Every entry below should come back unchanged, except that the pictures are dropped.
- - - - -
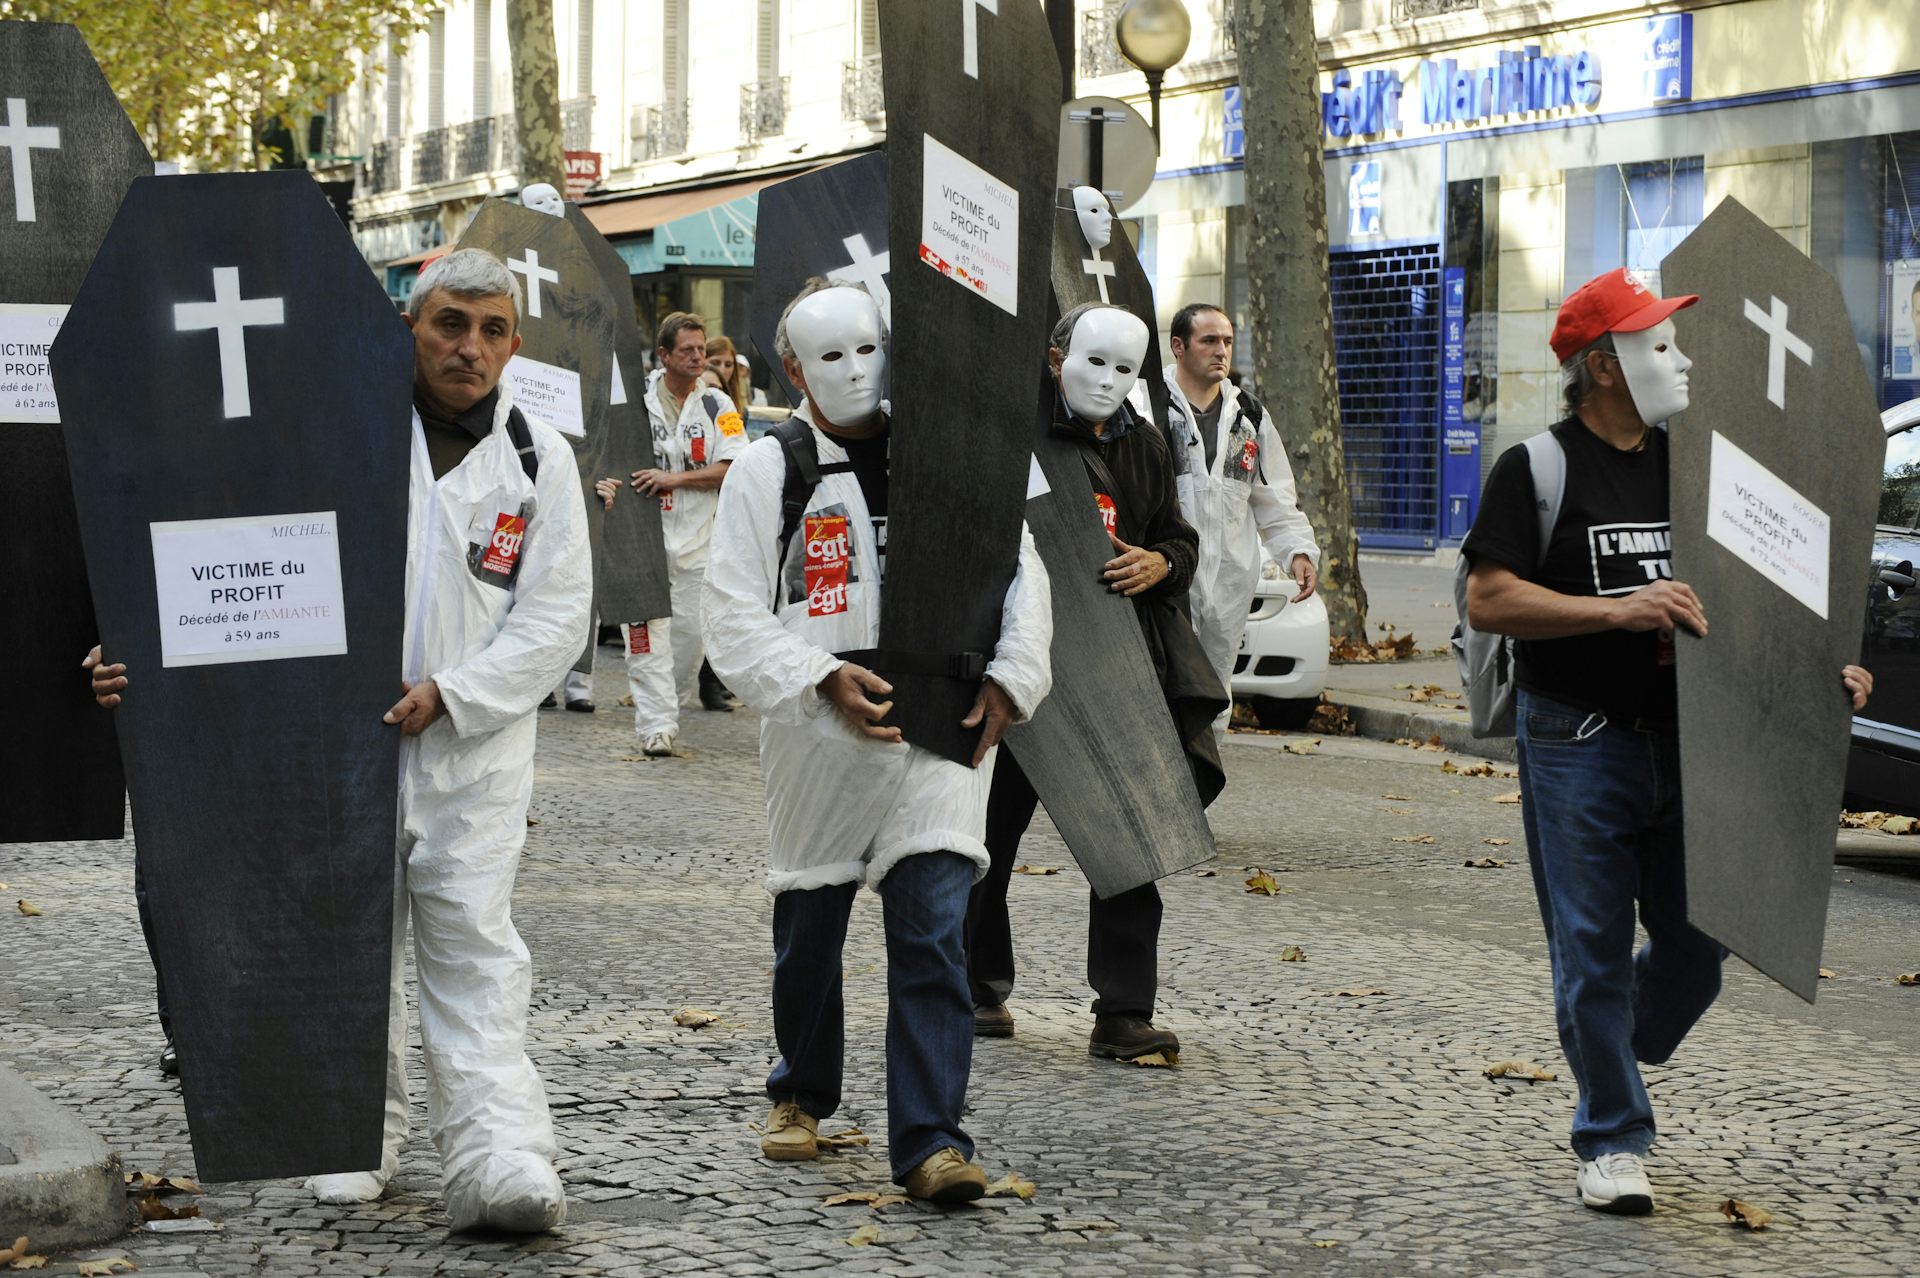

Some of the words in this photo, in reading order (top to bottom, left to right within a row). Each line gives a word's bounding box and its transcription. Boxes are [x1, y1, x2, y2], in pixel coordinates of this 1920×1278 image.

[1420, 45, 1602, 125] Maritime
[942, 184, 985, 221] VICTIME
[988, 213, 1001, 230] du
[727, 224, 744, 245] le
[951, 211, 989, 244] PROFIT
[933, 221, 959, 244] Décédé
[961, 238, 970, 250] de
[972, 241, 1012, 276] l'AMIANTE
[971, 262, 984, 276] ans
[5, 363, 50, 376] PROFI
[21, 382, 34, 392] de
[512, 374, 552, 392] VICTIME
[554, 386, 566, 396] du
[521, 387, 556, 403] PROFIT
[15, 398, 21, 408] à
[23, 398, 36, 408] 62
[38, 400, 56, 408] ans
[1734, 482, 1788, 529] VICTIME
[1791, 524, 1807, 545] du
[1722, 510, 1755, 539] Décédé
[1757, 535, 1768, 547] de
[1745, 508, 1794, 550] PROFIT
[493, 530, 523, 557] cgt
[806, 533, 848, 562] cgt
[192, 561, 274, 581] VICTIME
[281, 560, 305, 575] du
[1770, 560, 1787, 576] ans
[211, 584, 285, 604] PROFIT
[808, 583, 845, 613] cgt
[179, 612, 229, 626] Décédé
[233, 611, 249, 622] de
[253, 605, 330, 621] l'AMIANTE
[225, 631, 232, 642] à
[235, 630, 251, 641] 59
[256, 630, 280, 640] ans
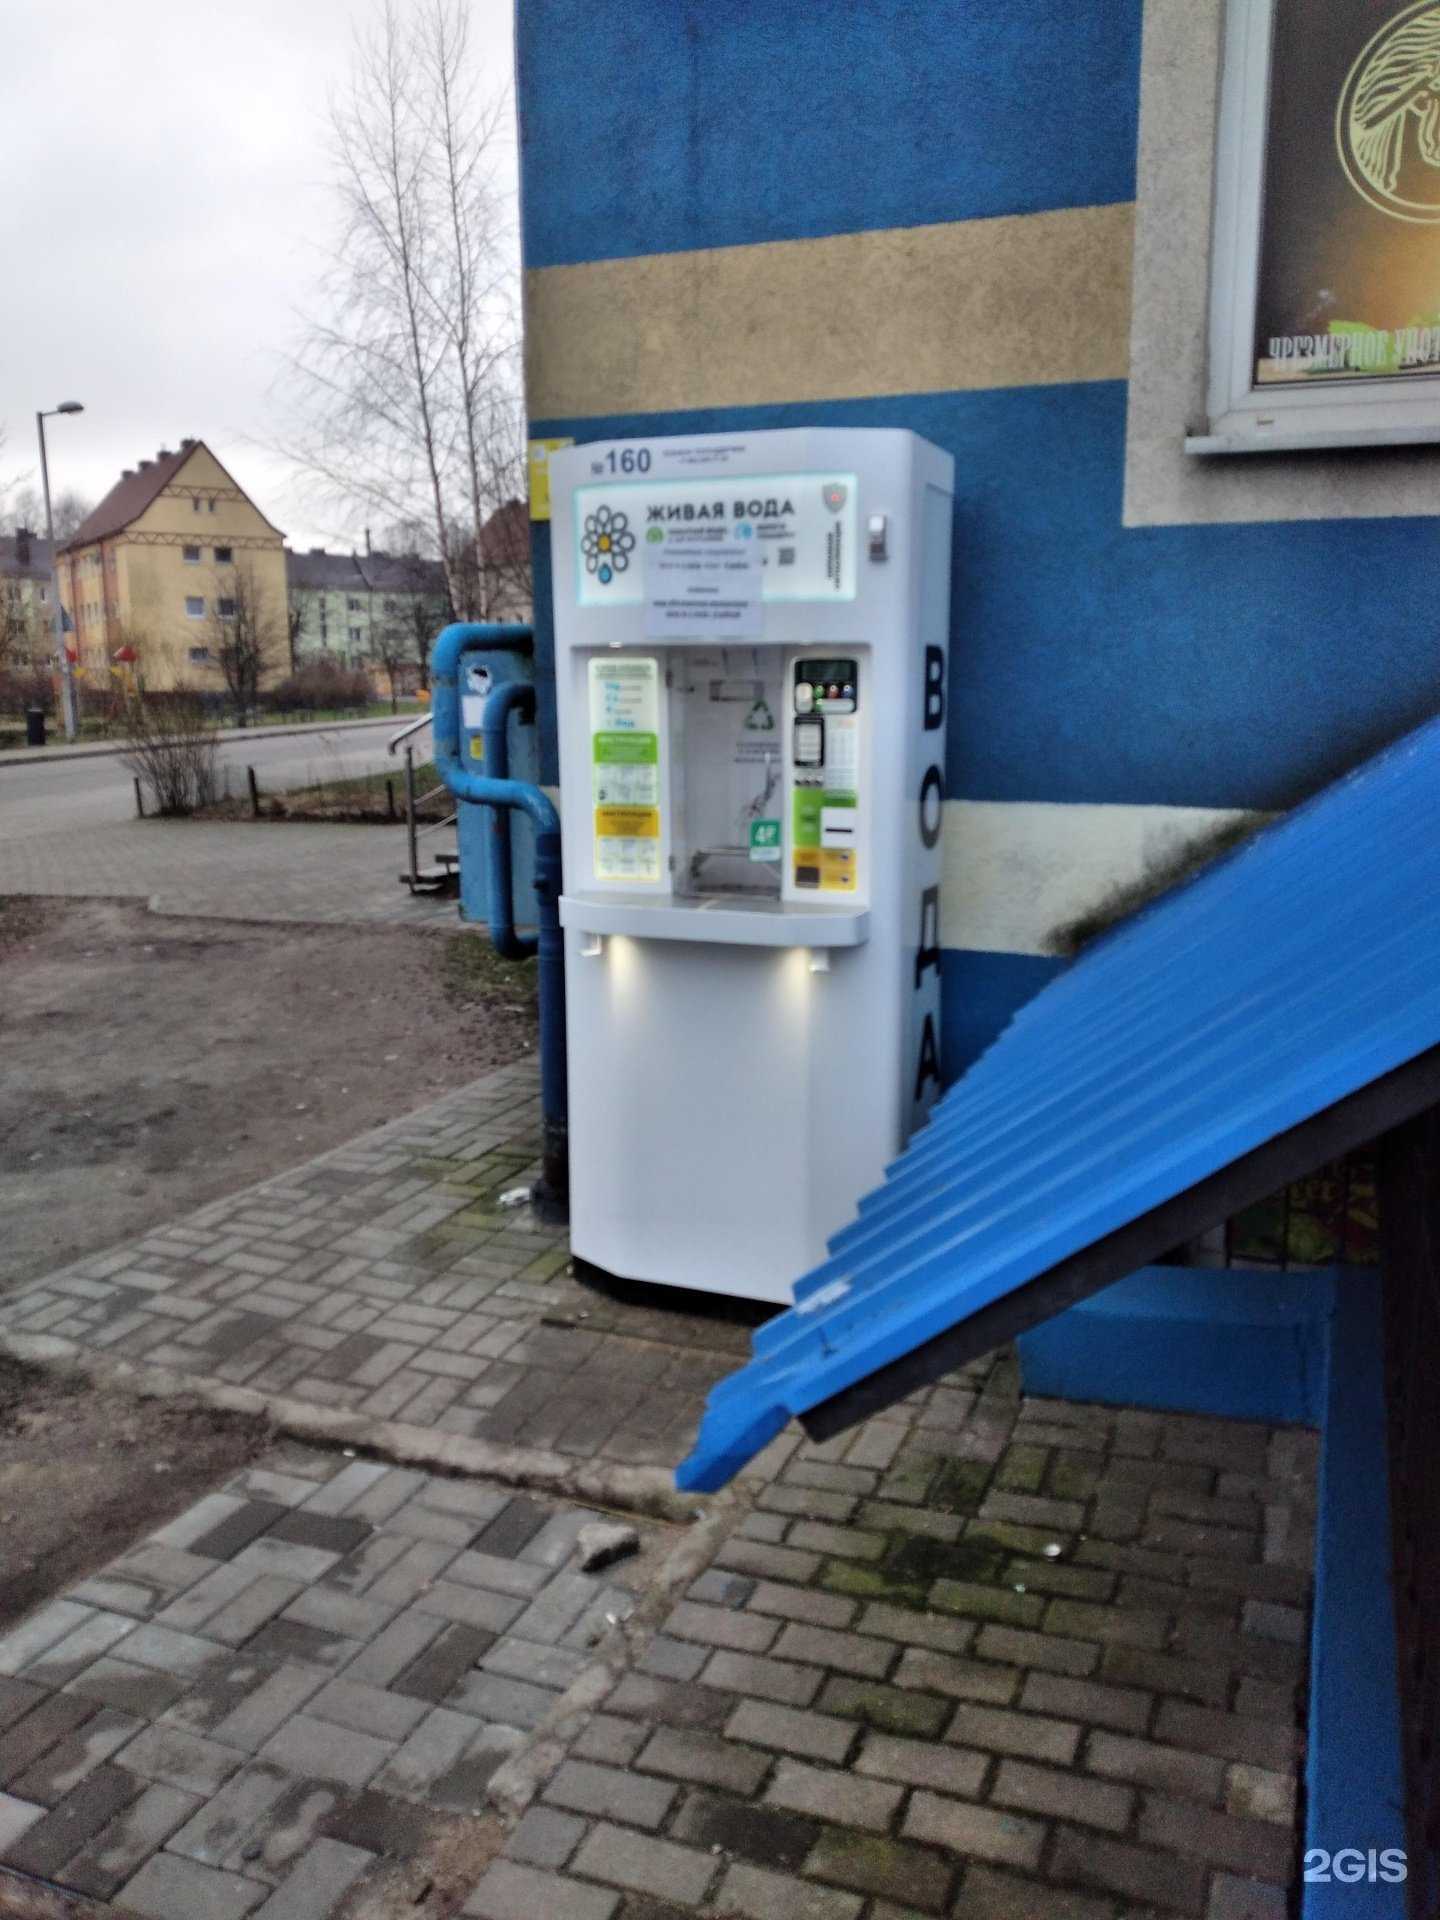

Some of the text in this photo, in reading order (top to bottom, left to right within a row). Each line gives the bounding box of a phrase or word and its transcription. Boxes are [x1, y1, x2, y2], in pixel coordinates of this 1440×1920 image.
- - - - -
RESULT FOR THIS EXERCISE:
Some of the words in this photo, in reading order (top to bottom, left to right within a row). Each line gives a word's bounding box and its transcription. Boxes are [x1, y1, x2, y2], in pixel coordinates of this 1920×1278 image.

[1420, 45, 1602, 125] Maritime
[942, 184, 985, 221] VICTIME
[988, 213, 1001, 230] du
[727, 224, 744, 245] le
[951, 211, 989, 244] PROFIT
[933, 221, 959, 244] Décédé
[961, 238, 970, 250] de
[972, 241, 1012, 276] l'AMIANTE
[971, 262, 984, 276] ans
[5, 363, 50, 376] PROFI
[21, 382, 34, 392] de
[512, 374, 552, 392] VICTIME
[554, 386, 566, 396] du
[521, 387, 556, 403] PROFIT
[15, 398, 21, 408] à
[23, 398, 36, 408] 62
[38, 400, 56, 408] ans
[1734, 482, 1788, 529] VICTIME
[1791, 524, 1807, 545] du
[1722, 510, 1755, 539] Décédé
[1757, 535, 1768, 547] de
[1745, 508, 1794, 550] PROFIT
[493, 530, 523, 557] cgt
[806, 533, 848, 562] cgt
[192, 561, 274, 581] VICTIME
[281, 560, 305, 575] du
[1770, 560, 1787, 576] ans
[211, 584, 285, 604] PROFIT
[808, 583, 845, 613] cgt
[179, 612, 229, 626] Décédé
[233, 611, 249, 622] de
[253, 605, 330, 621] l'AMIANTE
[225, 631, 232, 642] à
[235, 630, 251, 641] 59
[256, 630, 280, 640] ans

Some of the text in this photo, in reading order (top to bottom, left to right within a row). Each line gives the bounding box of a phrase or word and its transcription. Boxes are [x1, y1, x2, y2], in pixel coordinates of this 1440×1920 image.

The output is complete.